Task details: Transcribe the entries exactly; images are not part of the copy.

(Saved data entries)

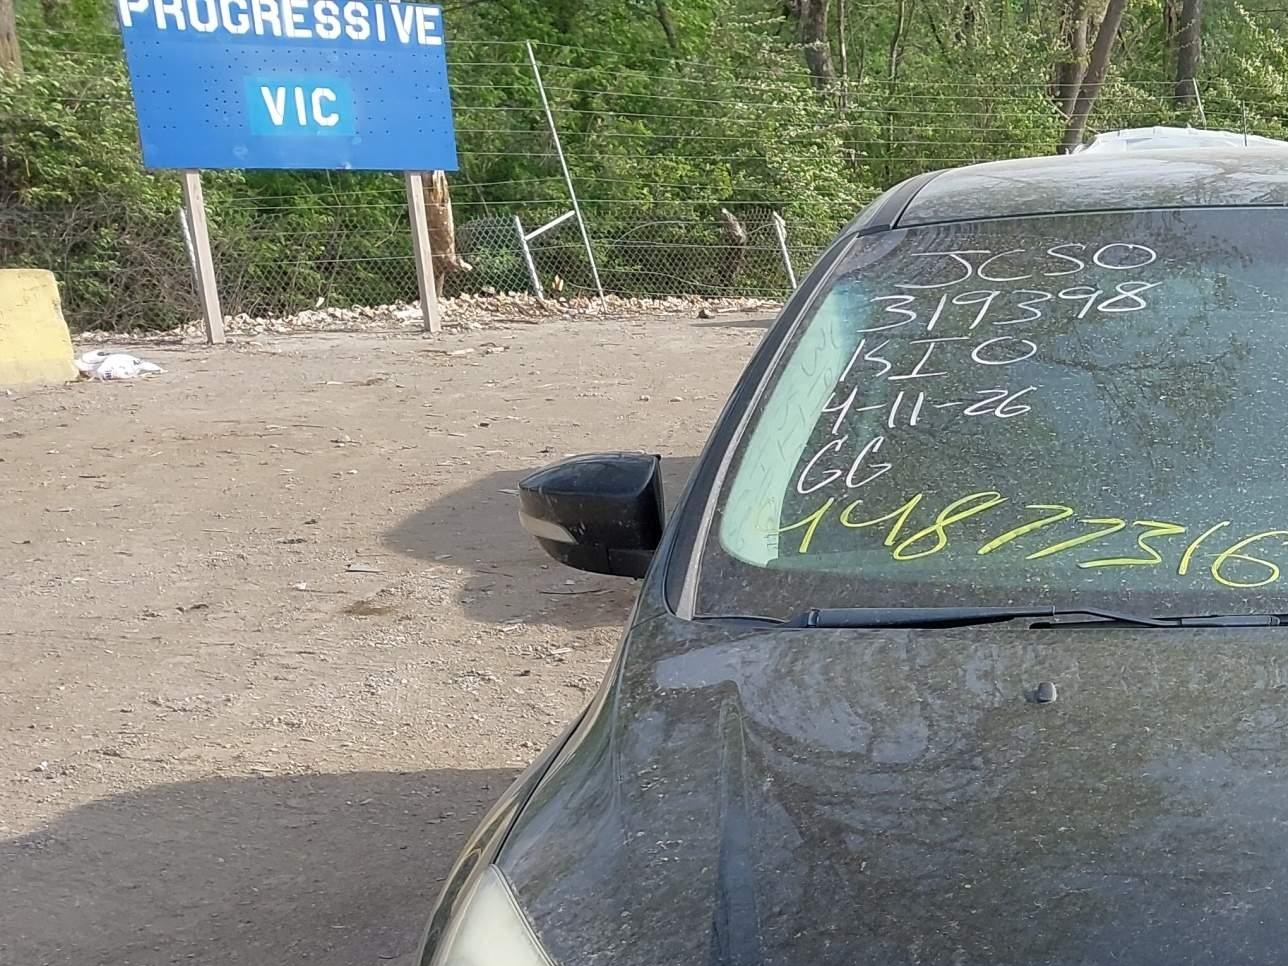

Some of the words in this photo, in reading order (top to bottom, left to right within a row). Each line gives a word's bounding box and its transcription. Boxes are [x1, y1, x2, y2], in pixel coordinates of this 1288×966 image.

[118, 0, 442, 45] PROGRESSIVE
[260, 86, 340, 126] VIC
[894, 243, 1157, 288] JCSO
[856, 281, 1163, 332] 319398
[820, 385, 1038, 435] 4-11-26

Answer to the exercise:
Some of the words in this photo, in reading order (top to bottom, left to right within a row). Each line gives a word's bounding box and its transcription. Boxes are [x1, y1, x2, y2], in pixel coordinates of this 1288×966 image.

[118, 0, 442, 45] PROGRESSIVE
[260, 86, 340, 126] VIC
[894, 243, 1157, 288] JCSO
[856, 281, 1163, 332] 319398
[820, 385, 1038, 435] 4-11-26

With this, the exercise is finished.